Nelson Mandela shares a light moment with Prince Charles in Amsterdam in 2002

We can learn from Madiba that even truly hopeless looking situations can change. That even when it seems pointless, it is still worth speaking out. Worth doing something. Imagine the perspective of his Robben Island cell. Imagine the perspective of anti-Apartheid campaigners working since the 70s. Every indication was that the South African Government would never give up power without a bloody and prolonged fight. And yet, miraculously, they did. A nation was changed.

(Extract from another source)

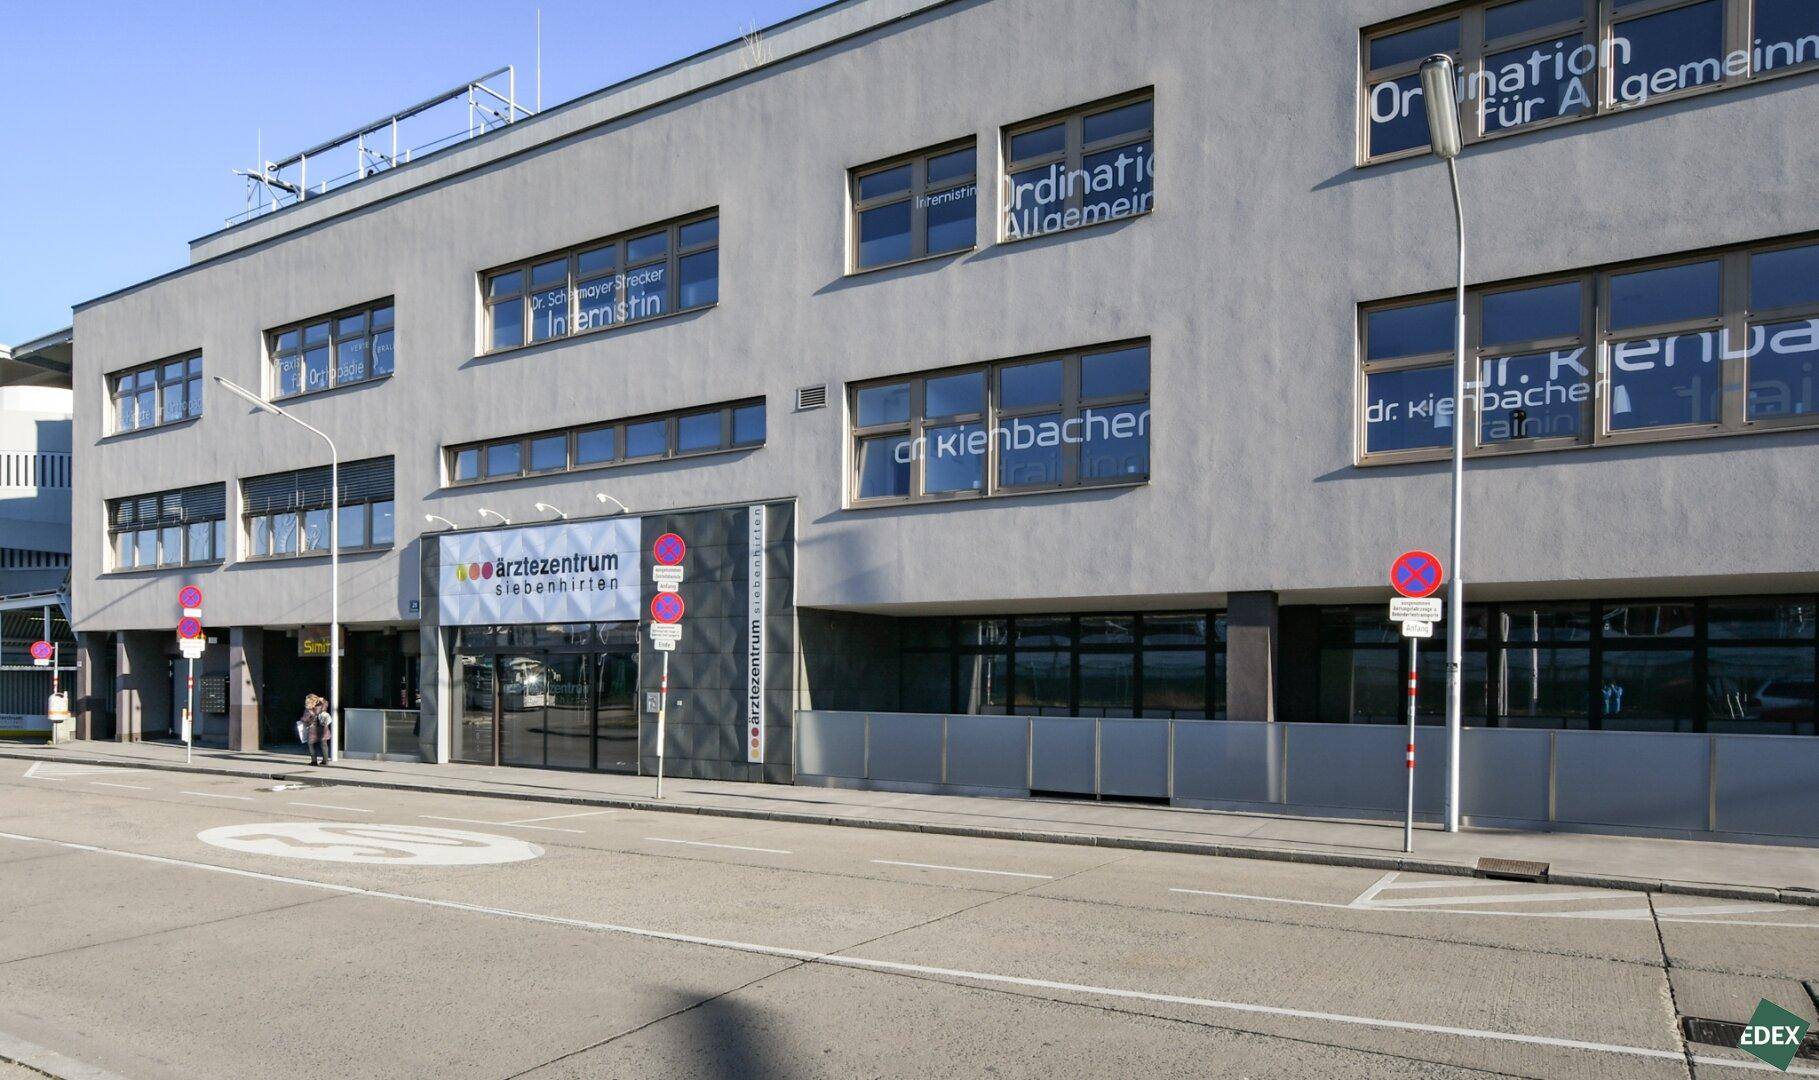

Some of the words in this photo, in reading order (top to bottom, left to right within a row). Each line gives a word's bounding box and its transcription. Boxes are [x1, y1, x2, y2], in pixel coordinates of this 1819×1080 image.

That has to be encouraging to anyone whose cause seems to have odds stacked high as security walls or rising sea-levels against them.

As we begin to mourn the passing of Madiba, the great Nelson Rolihlahla Mandela, I hope we would see him as he was. Not as a saint, but as a flawed and ordinary human being who stood for something powerful and achieved something extraordinary. Who fought against both white domination and black domination, who eschewed bitterness and revenge as well as passive acceptance of injustice, and who dedicated his years of freedom to making the world a better place. Would that we might use our freedom similarly.